■ **PROVIDED ENTRIES**
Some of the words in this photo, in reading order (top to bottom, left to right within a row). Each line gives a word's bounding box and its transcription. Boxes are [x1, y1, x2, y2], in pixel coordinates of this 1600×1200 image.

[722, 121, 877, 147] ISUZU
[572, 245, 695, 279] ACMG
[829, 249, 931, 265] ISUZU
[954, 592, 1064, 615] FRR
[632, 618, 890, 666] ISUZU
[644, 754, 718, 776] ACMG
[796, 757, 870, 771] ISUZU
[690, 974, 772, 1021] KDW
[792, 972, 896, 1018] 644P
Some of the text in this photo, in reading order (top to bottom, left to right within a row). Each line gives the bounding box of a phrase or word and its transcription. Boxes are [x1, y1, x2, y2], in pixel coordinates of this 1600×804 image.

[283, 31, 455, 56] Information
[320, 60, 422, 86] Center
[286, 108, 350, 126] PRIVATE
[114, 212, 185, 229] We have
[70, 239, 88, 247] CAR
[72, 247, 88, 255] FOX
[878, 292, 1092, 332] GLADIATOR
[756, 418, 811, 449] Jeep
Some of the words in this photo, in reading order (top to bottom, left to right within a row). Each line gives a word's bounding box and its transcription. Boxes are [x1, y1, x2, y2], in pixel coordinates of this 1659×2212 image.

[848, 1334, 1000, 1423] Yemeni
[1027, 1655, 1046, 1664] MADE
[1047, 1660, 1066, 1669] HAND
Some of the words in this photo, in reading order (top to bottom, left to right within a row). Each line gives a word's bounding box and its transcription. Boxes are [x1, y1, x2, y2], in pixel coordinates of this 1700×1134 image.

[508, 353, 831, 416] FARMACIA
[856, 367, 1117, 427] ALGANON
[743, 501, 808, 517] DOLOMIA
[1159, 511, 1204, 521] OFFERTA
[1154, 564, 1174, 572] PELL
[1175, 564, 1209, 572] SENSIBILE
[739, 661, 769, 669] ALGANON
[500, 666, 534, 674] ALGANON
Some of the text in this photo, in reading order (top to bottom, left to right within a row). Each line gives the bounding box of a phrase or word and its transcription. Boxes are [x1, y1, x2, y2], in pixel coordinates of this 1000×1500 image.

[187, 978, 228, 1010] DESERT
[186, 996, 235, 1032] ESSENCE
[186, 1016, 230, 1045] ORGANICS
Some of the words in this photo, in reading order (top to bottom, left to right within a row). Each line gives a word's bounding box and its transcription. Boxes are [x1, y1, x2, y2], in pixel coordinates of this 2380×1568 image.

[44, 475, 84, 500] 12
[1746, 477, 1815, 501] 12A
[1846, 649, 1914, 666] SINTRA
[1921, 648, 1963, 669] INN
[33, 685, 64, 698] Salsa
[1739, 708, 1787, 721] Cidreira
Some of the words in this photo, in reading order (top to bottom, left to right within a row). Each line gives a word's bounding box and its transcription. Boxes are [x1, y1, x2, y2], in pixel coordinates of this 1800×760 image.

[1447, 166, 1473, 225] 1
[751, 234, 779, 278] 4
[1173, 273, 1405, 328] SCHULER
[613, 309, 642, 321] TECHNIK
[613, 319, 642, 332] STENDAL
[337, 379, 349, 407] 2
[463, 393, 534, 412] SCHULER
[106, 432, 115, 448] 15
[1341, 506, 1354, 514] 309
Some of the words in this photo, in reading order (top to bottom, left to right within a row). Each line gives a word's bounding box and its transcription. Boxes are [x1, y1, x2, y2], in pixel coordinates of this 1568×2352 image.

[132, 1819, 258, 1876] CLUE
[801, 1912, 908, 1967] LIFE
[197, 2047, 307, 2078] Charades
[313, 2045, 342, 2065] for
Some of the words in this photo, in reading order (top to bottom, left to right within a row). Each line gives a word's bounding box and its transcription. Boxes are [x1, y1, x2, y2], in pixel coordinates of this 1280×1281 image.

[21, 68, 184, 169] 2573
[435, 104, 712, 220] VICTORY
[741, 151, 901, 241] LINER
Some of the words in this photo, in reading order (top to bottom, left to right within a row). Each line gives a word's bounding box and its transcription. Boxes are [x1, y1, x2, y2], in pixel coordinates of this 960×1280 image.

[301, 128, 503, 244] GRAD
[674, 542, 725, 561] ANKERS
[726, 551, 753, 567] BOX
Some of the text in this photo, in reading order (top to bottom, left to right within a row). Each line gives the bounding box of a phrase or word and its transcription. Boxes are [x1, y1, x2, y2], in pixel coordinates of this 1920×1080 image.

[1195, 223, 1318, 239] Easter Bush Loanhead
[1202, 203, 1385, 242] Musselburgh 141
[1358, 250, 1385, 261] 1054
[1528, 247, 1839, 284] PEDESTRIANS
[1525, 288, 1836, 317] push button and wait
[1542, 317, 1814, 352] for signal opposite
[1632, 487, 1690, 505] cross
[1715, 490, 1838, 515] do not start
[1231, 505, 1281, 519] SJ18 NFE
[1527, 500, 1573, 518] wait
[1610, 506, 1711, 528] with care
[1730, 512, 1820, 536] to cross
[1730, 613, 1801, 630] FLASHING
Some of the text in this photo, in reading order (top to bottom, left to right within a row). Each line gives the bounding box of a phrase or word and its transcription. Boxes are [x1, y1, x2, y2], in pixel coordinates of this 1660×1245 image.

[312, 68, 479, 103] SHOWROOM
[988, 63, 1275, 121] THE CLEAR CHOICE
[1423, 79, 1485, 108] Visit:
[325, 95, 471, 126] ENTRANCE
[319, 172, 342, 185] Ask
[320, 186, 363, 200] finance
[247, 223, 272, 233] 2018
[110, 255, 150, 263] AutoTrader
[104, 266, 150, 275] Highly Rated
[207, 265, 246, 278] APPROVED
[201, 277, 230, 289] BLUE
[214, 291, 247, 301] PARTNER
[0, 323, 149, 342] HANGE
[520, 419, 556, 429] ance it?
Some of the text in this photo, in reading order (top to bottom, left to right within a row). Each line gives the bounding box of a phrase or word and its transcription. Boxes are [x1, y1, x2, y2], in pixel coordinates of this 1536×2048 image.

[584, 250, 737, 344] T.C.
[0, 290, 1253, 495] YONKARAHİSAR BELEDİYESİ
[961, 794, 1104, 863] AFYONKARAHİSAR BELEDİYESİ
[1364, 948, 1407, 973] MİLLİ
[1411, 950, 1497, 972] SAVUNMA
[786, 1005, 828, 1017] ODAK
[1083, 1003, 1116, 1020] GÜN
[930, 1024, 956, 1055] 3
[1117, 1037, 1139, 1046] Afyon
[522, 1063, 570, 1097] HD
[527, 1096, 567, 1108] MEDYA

■ **TASK BRIEF**
Word for word, repeat each entry shown above.

■ **OUTPUT OF THE TASK**
Some of the words in this photo, in reading order (top to bottom, left to right within a row). Each line gives a word's bounding box and its transcription. Boxes are [x1, y1, x2, y2], in pixel coordinates of this 1600×1200 image.

[722, 121, 877, 147] ISUZU
[572, 245, 695, 279] ACMG
[829, 249, 931, 265] ISUZU
[954, 592, 1064, 615] FRR
[632, 618, 890, 666] ISUZU
[644, 754, 718, 776] ACMG
[796, 757, 870, 771] ISUZU
[690, 974, 772, 1021] KDW
[792, 972, 896, 1018] 644P
Some of the text in this photo, in reading order (top to bottom, left to right within a row). Each line gives the bounding box of a phrase or word and its transcription. Boxes are [x1, y1, x2, y2], in pixel coordinates of this 1600×804 image.

[283, 31, 455, 56] Information
[320, 60, 422, 86] Center
[286, 108, 350, 126] PRIVATE
[114, 212, 185, 229] We have
[70, 239, 88, 247] CAR
[72, 247, 88, 255] FOX
[878, 292, 1092, 332] GLADIATOR
[756, 418, 811, 449] Jeep
Some of the words in this photo, in reading order (top to bottom, left to right within a row). Each line gives a word's bounding box and its transcription. Boxes are [x1, y1, x2, y2], in pixel coordinates of this 1659×2212 image.

[848, 1334, 1000, 1423] Yemeni
[1027, 1655, 1046, 1664] MADE
[1047, 1660, 1066, 1669] HAND
Some of the words in this photo, in reading order (top to bottom, left to right within a row). Each line gives a word's bounding box and its transcription. Boxes are [x1, y1, x2, y2], in pixel coordinates of this 1700×1134 image.

[508, 353, 831, 416] FARMACIA
[856, 367, 1117, 427] ALGANON
[743, 501, 808, 517] DOLOMIA
[1159, 511, 1204, 521] OFFERTA
[1154, 564, 1174, 572] PELL
[1175, 564, 1209, 572] SENSIBILE
[739, 661, 769, 669] ALGANON
[500, 666, 534, 674] ALGANON
Some of the text in this photo, in reading order (top to bottom, left to right within a row). Each line gives the bounding box of a phrase or word and its transcription. Boxes are [x1, y1, x2, y2], in pixel coordinates of this 1000×1500 image.

[187, 978, 228, 1010] DESERT
[186, 996, 235, 1032] ESSENCE
[186, 1016, 230, 1045] ORGANICS
Some of the words in this photo, in reading order (top to bottom, left to right within a row). Each line gives a word's bounding box and its transcription. Boxes are [x1, y1, x2, y2], in pixel coordinates of this 2380×1568 image.

[44, 475, 84, 500] 12
[1746, 477, 1815, 501] 12A
[1846, 649, 1914, 666] SINTRA
[1921, 648, 1963, 669] INN
[33, 685, 64, 698] Salsa
[1739, 708, 1787, 721] Cidreira
Some of the words in this photo, in reading order (top to bottom, left to right within a row). Each line gives a word's bounding box and its transcription. Boxes are [x1, y1, x2, y2], in pixel coordinates of this 1800×760 image.

[1447, 166, 1473, 225] 1
[751, 234, 779, 278] 4
[1173, 273, 1405, 328] SCHULER
[613, 309, 642, 321] TECHNIK
[613, 319, 642, 332] STENDAL
[337, 379, 349, 407] 2
[463, 393, 534, 412] SCHULER
[106, 432, 115, 448] 15
[1341, 506, 1354, 514] 309
Some of the words in this photo, in reading order (top to bottom, left to right within a row). Each line gives a word's bounding box and its transcription. Boxes are [x1, y1, x2, y2], in pixel coordinates of this 1568×2352 image.

[132, 1819, 258, 1876] CLUE
[801, 1912, 908, 1967] LIFE
[197, 2047, 307, 2078] Charades
[313, 2045, 342, 2065] for
Some of the words in this photo, in reading order (top to bottom, left to right within a row). Each line gives a word's bounding box and its transcription. Boxes are [x1, y1, x2, y2], in pixel coordinates of this 1280×1281 image.

[21, 68, 184, 169] 2573
[435, 104, 712, 220] VICTORY
[741, 151, 901, 241] LINER
Some of the words in this photo, in reading order (top to bottom, left to right within a row). Each line gives a word's bounding box and its transcription. Boxes are [x1, y1, x2, y2], in pixel coordinates of this 960×1280 image.

[301, 128, 503, 244] GRAD
[674, 542, 725, 561] ANKERS
[726, 551, 753, 567] BOX
Some of the text in this photo, in reading order (top to bottom, left to right within a row). Each line gives the bounding box of a phrase or word and its transcription. Boxes are [x1, y1, x2, y2], in pixel coordinates of this 1920×1080 image.

[1195, 223, 1318, 239] Easter Bush Loanhead
[1202, 203, 1385, 242] Musselburgh 141
[1358, 250, 1385, 261] 1054
[1528, 247, 1839, 284] PEDESTRIANS
[1525, 288, 1836, 317] push button and wait
[1542, 317, 1814, 352] for signal opposite
[1632, 487, 1690, 505] cross
[1715, 490, 1838, 515] do not start
[1231, 505, 1281, 519] SJ18 NFE
[1527, 500, 1573, 518] wait
[1610, 506, 1711, 528] with care
[1730, 512, 1820, 536] to cross
[1730, 613, 1801, 630] FLASHING
Some of the text in this photo, in reading order (top to bottom, left to right within a row). Each line gives the bounding box of a phrase or word and its transcription. Boxes are [x1, y1, x2, y2], in pixel coordinates of this 1660×1245 image.

[312, 68, 479, 103] SHOWROOM
[988, 63, 1275, 121] THE CLEAR CHOICE
[1423, 79, 1485, 108] Visit:
[325, 95, 471, 126] ENTRANCE
[319, 172, 342, 185] Ask
[320, 186, 363, 200] finance
[247, 223, 272, 233] 2018
[110, 255, 150, 263] AutoTrader
[104, 266, 150, 275] Highly Rated
[207, 265, 246, 278] APPROVED
[201, 277, 230, 289] BLUE
[214, 291, 247, 301] PARTNER
[0, 323, 149, 342] HANGE
[520, 419, 556, 429] ance it?
Some of the text in this photo, in reading order (top to bottom, left to right within a row). Each line gives the bounding box of a phrase or word and its transcription. Boxes are [x1, y1, x2, y2], in pixel coordinates of this 1536×2048 image.

[584, 250, 737, 344] T.C.
[0, 290, 1253, 495] YONKARAHİSAR BELEDİYESİ
[961, 794, 1104, 863] AFYONKARAHİSAR BELEDİYESİ
[1364, 948, 1407, 973] MİLLİ
[1411, 950, 1497, 972] SAVUNMA
[786, 1005, 828, 1017] ODAK
[1083, 1003, 1116, 1020] GÜN
[930, 1024, 956, 1055] 3
[1117, 1037, 1139, 1046] Afyon
[522, 1063, 570, 1097] HD
[527, 1096, 567, 1108] MEDYA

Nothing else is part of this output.